Lo que antes era una institución orientada a dar una segunda oportunidad se está convirtiendo, en algunos casos, en una carrera de obstáculos en la que todo puede interpretarse como indicio de fraude o mala fe. Y el problema es que el sobreendeudamiento, precisamente el supuesto para el que fue creada la ley, está siendo tratado por algunos tribunales como si fuera una conducta reprochable.

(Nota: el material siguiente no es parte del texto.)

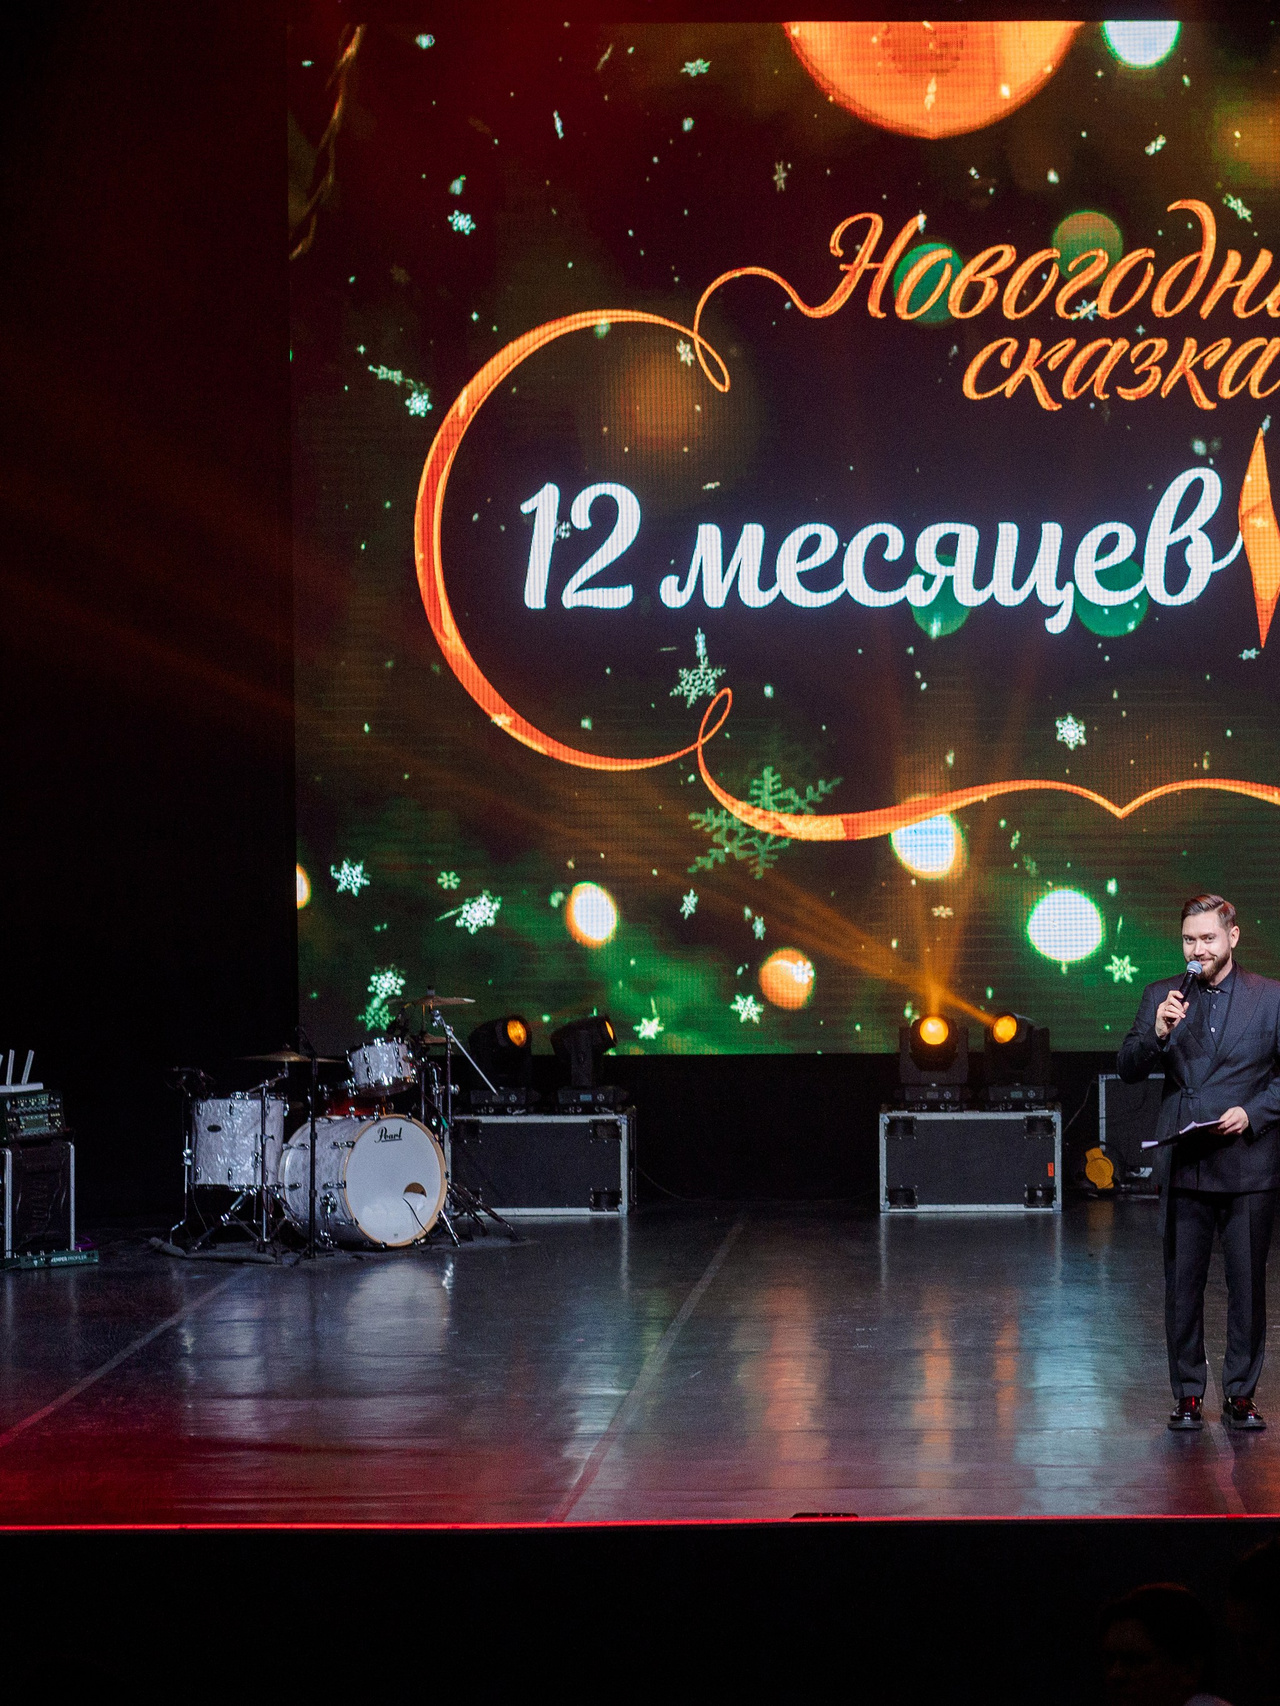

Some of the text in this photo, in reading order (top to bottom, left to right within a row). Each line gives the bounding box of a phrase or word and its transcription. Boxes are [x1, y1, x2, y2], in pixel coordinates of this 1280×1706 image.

[520, 482, 641, 609] 12
[659, 467, 1244, 633] месяцев
[374, 1126, 402, 1143] Pearl

Endeudarse demasiado no es un fraude
La inmensa mayoría de las personas que acuden a la Ley de Segunda Oportunidad lo hacen porque han perdido el control de su economía. Muchas veces encadenan préstamos, refinanciaciones o microcréditos tratando de sobrevivir, pagar otras deudas o mantener a sus familias. Eso es sobreendeudamiento, pero no es fraude, ni tampoco mala fe. Si una persona no hubiera llegado a una situación de endeudamiento excesivo, probablemente nunca habría necesitado acudir a la Ley de Segunda Oportunidad. Sin embargo, algunas resoluciones judiciales parecen sostener justo lo contrario: cuanto más endeudado está el deudor, menos merece la exoneración. Un razonamiento difícil de entender.

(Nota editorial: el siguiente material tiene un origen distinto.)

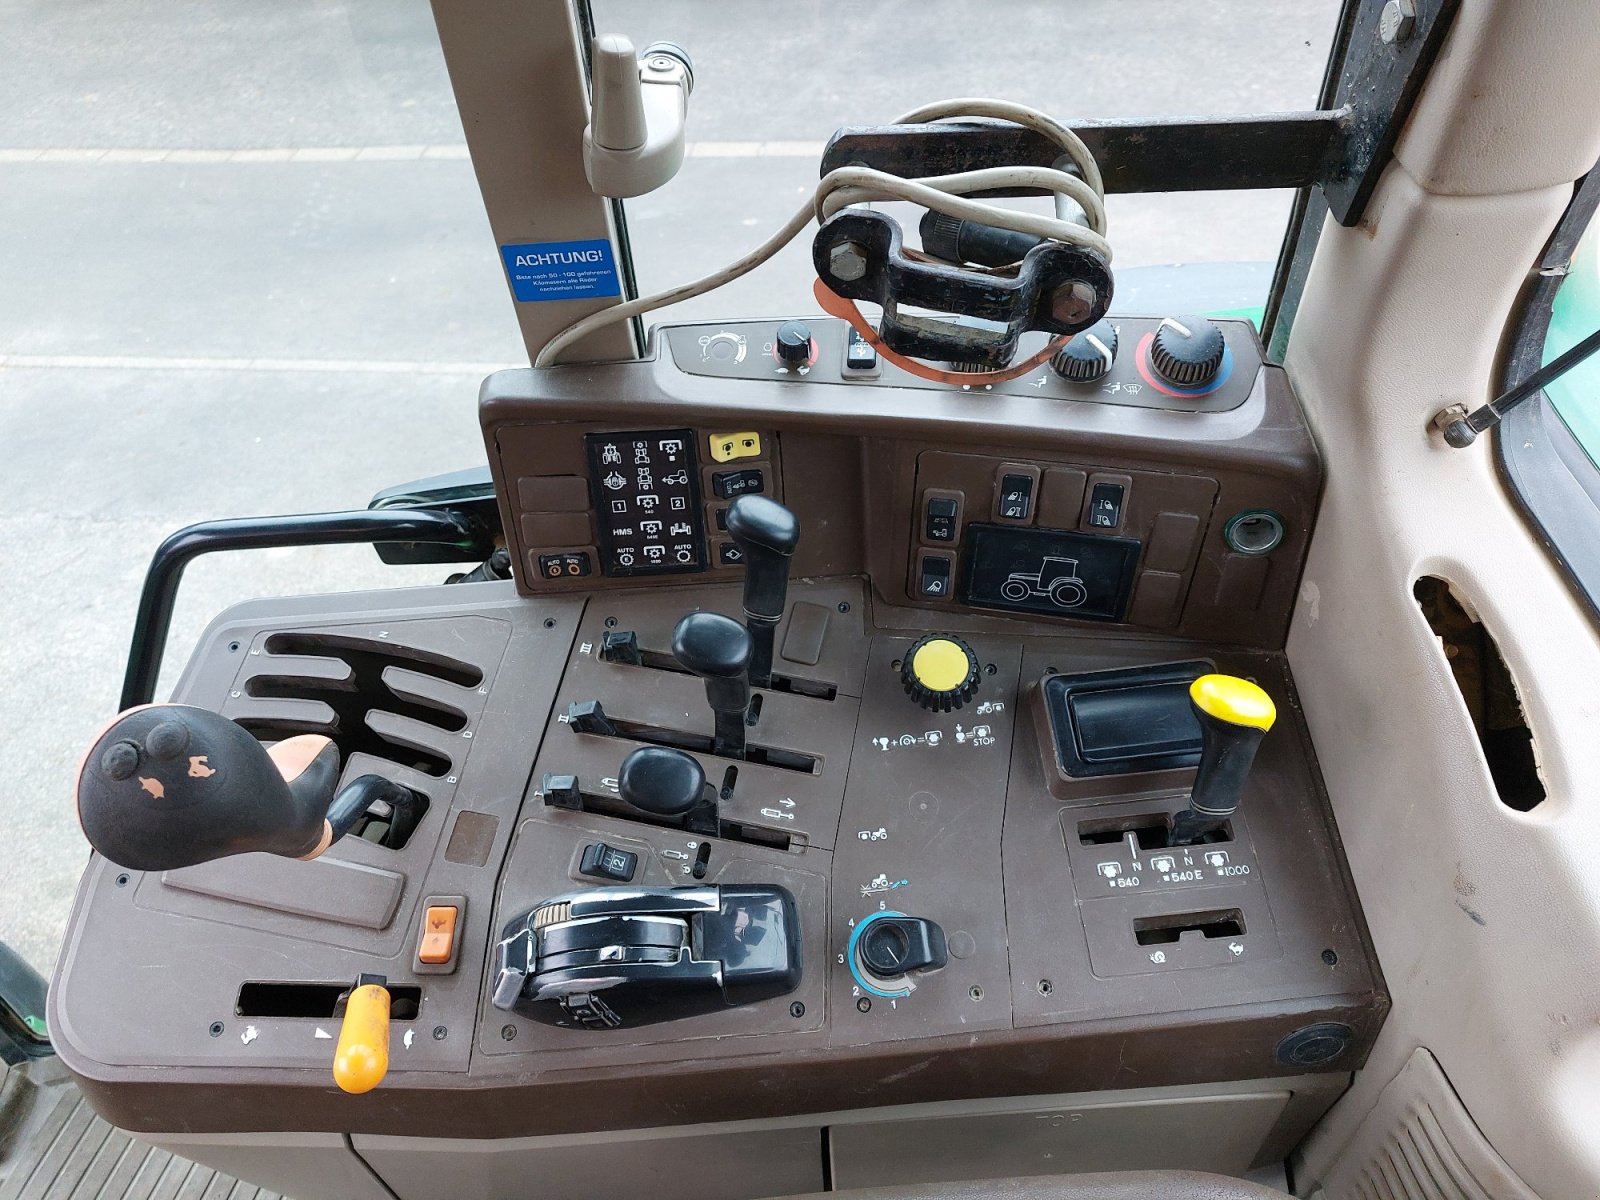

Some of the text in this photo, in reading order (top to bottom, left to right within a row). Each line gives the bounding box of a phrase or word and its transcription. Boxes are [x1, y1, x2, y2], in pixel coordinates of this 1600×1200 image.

Una peligrosa tendencia a sospechar del deudor por sistema
En los últimos meses se aprecia una tendencia preocupante tanto en algunos juzgados mercantiles como en la jurisprudencia del Tribunal Supremo: se amplía cada vez más el concepto de mala fe.
Se examina:
- Cuántos préstamos solicitó.
- En cuánto tiempo los pidió.
- Si utilizó tarjetas revolving.
- Si recurrió a microcréditos.
- Si continuó endeudándose cuando ya tenía dificultades económicas.
Y, en ocasiones, de esos hechos se extrae directamente una conclusión de fraude o mala fe. Pero el problema es evidente, la ley no dice que endeudarse sea ilícito, la ley no exige que el deudor sea un experto financiero, la ley no exige haber tomado siempre decisiones económicas acertadas, la ley exige buena fe, no perfección.
El Tribunal Supremo parece olvidar para qué existe la Ley de Segunda Oportunidad
La reciente línea jurisprudencial del Tribunal Supremo, especialmente en materia de sobreendeudamiento irresponsable, corre el riesgo de introducir por vía interpretativa requisitos que el legislador nunca estableció. Porque si pedir demasiados préstamos es mala fe, si equivocarse financieramente es mala fe, si intentar refinanciarse es mala fe, si acudir al crédito para sobrevivir es mala fe. Entonces la pregunta es inevitable:
¿Para quién queda la Ley de Segunda Oportunidad?
Porque el deudor ideal que parecen exigir algunas resoluciones judiciales simplemente no existe. La insolvencia casi siempre es consecuencia de errores, excesos, malas decisiones o circunstancias personales difíciles, eso no convierte automáticamente al deudor en un defraudador.
Los juzgados se están excediendo
Resulta llamativo comprobar cómo determinadas resoluciones convierten la excepción en regla. La mala fe, que debería requerir una conducta claramente dolosa o fraudulenta, se presume cada vez con mayor facilidad y eso supone una inversión peligrosa del sistema. La Ley de Segunda Oportunidad no nació para proteger únicamente al deudor perfecto, nació para rescatar al deudor honesto que fracasó, porque fracasar económicamente no es un delito, porque pedir demasiados préstamos no es, por sí solo, un fraude. Y porque el sobreendeudamiento es precisamente el problema que la ley pretendía solucionar, no una razón para dejar sin protección a quien más la necesita.
Una interpretación que amenaza con vaciar de contenido la ley
Si se continúa ampliando el concepto de mala fe hasta identificarlo con cualquier conducta económicamente imprudente, la Ley de Segunda Oportunidad corre el riesgo de perder su razón de ser. La consecuencia será clara: Muchos deudores honestos quedarán atrapados para siempre en una espiral de deuda y una ley concebida para ofrecer una segunda oportunidad acabará convirtiéndose en una institución reservada únicamente para quienes nunca cometieron errores financieros. Paradójicamente, cuanto más se endurecen los criterios y más se identifica el sobreendeudamiento con fraude, más se aleja la jurisprudencia del espíritu con el que nació la Ley de Segunda Oportunidad y de la filosofía de la Directiva europea que la inspira.